Cannibal Holocaust (1980)

Ah, the ‘video nasty’. A phrase coined for the list of films that the Director of Public Prosecutions made that was deemed in breach of the Obscene Publications Act of 1959 (and later amended in 77 so that the porn films didn’t feel left out and could be included too), after a series of police raids (yes, actual raids) and seizure of stock in video rental shops and retailers, proprietors made demands to know just what films they could and couldn’t sell without expecting the Keystone Cops to barge in with their truncheons and lower the tone of their establishments further.

Cannibal Holocaust was one such lucky film to make the list (even though the version that made the DPP scribble a little frowny face next to it’s title was cut within an inch of it’s life), it remains to this day one of the most notoriously graphic and brutal exploitation films ever made.

Now let’s all admit, that if a film has been banned, shunned, had holy water thrown in it’s general direction, it just makes us want to see it even more – forbidden fruit and all that jazz … but the real question is, is it actually any good?

The story follows a rescue team that have been sent to discover the whereabouts of a missing documentary film crew, who disappeared two months previously while filming cannibal tribes in the South American jungle. The team manage to win the trust of the tribes, and recover the footage of the crew, with reveals that their intentions weren’t so wholesome after all.

Standard horror film set up I’ll grant you, but this one actually turns out to be quite interesting in terms of it’s views on culture, survival and the nature of man in general. The thinking gore whore’s cannibal flick if you will.

First of all, let me warn you that if you are an animal lover, this film is not for you. – which I discovered a little too late. The animal deaths are real and you will see them murdered on camera, although I understand that the carcasses were eaten by the cast and crew, so their demises were not merely for the sake of ‘art’. While I don’t agree with the methodology of killing animals in for entertainment, I cant deny that it highlighted the movies message of ‘survival of the fittest’ and the necessity of nature, more than words ever could. The scenes are very affecting, and the sometimes extremely harrowing, but as we all know, nature is sometimes violent and without conscience, and at the top of the food chain, humanity is a prime example of this. I’m not condoning any of it, just stating the facts, and trying to be as unbiased as I can, because after all, it’s not all that the film is, whatever my feelings are on the issue.

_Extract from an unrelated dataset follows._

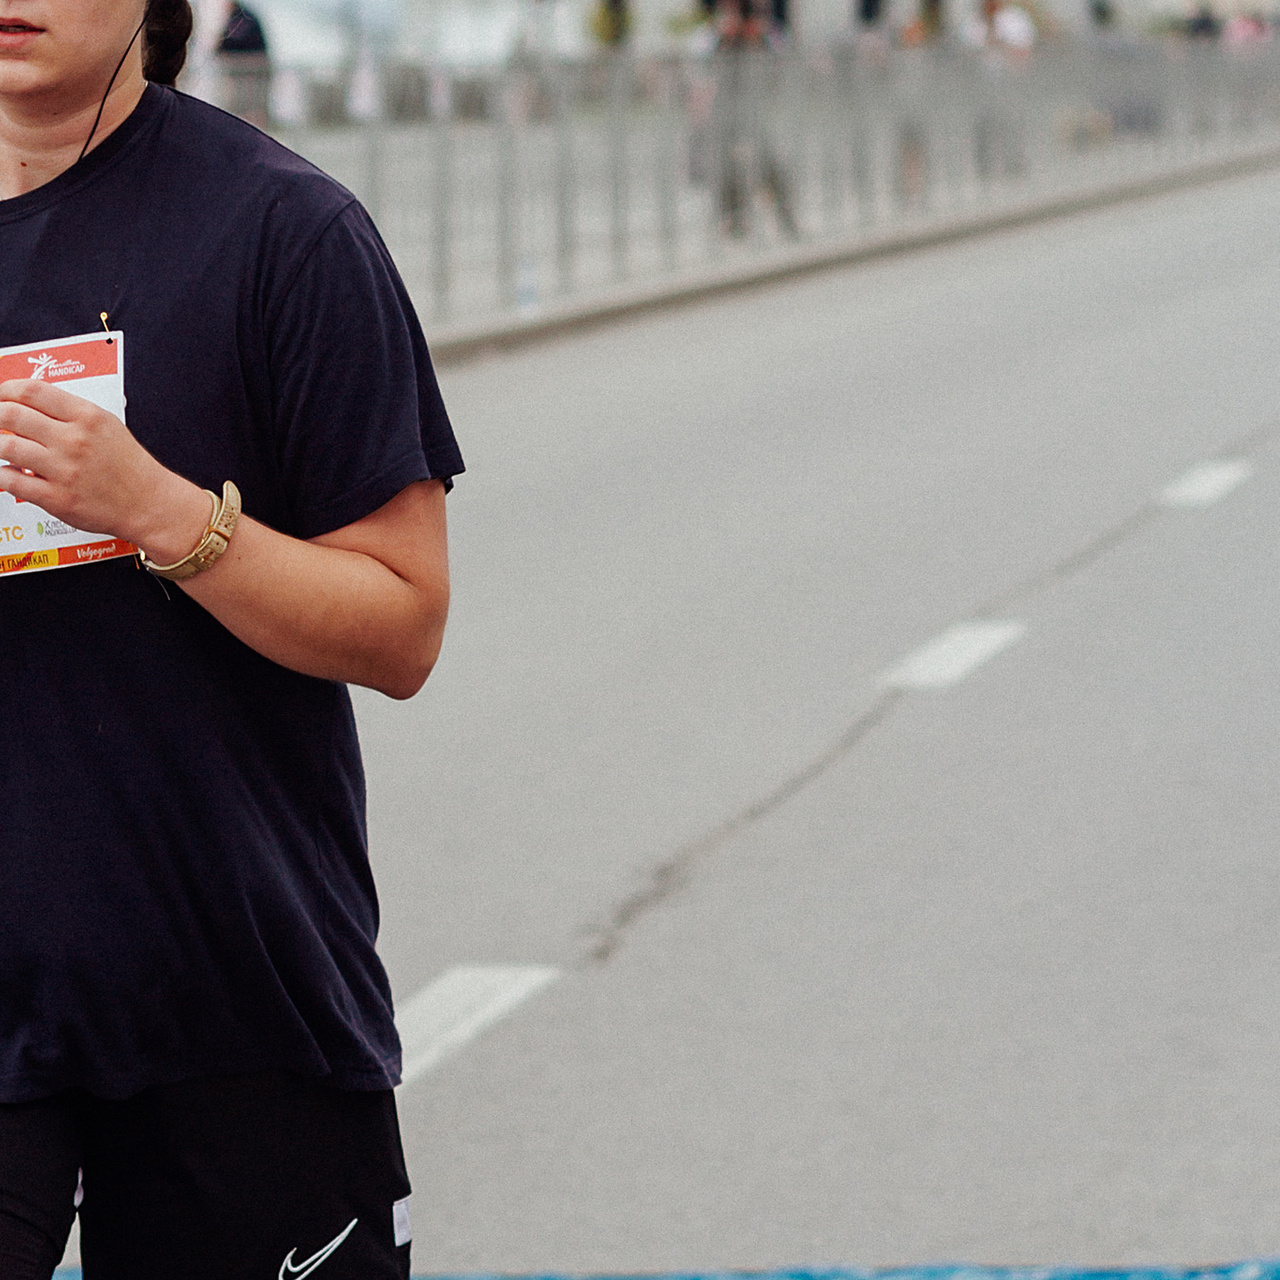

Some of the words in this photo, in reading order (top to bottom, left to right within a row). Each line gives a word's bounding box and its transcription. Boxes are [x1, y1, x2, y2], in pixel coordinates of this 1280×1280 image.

[48, 364, 86, 378] HANDICAP
[77, 543, 116, 559] Volgograd
[7, 554, 49, 570] ГАНДИКАП

Maybe I’m growing as a person ..

It’s incredibly graphic, and if you are the slightest bit squeamish then my advice is to avoid the film like the plague, but the violence is not completely gratuitous, and relevant to both the plot and the points the director is trying to make. I can understand why it’s so controversial and why so many even hardcore horror fans have found it abhorrent, but for me Cannibal Holocaust is the definitive cannibal film, whether you love it or pray for it’s mortal soul.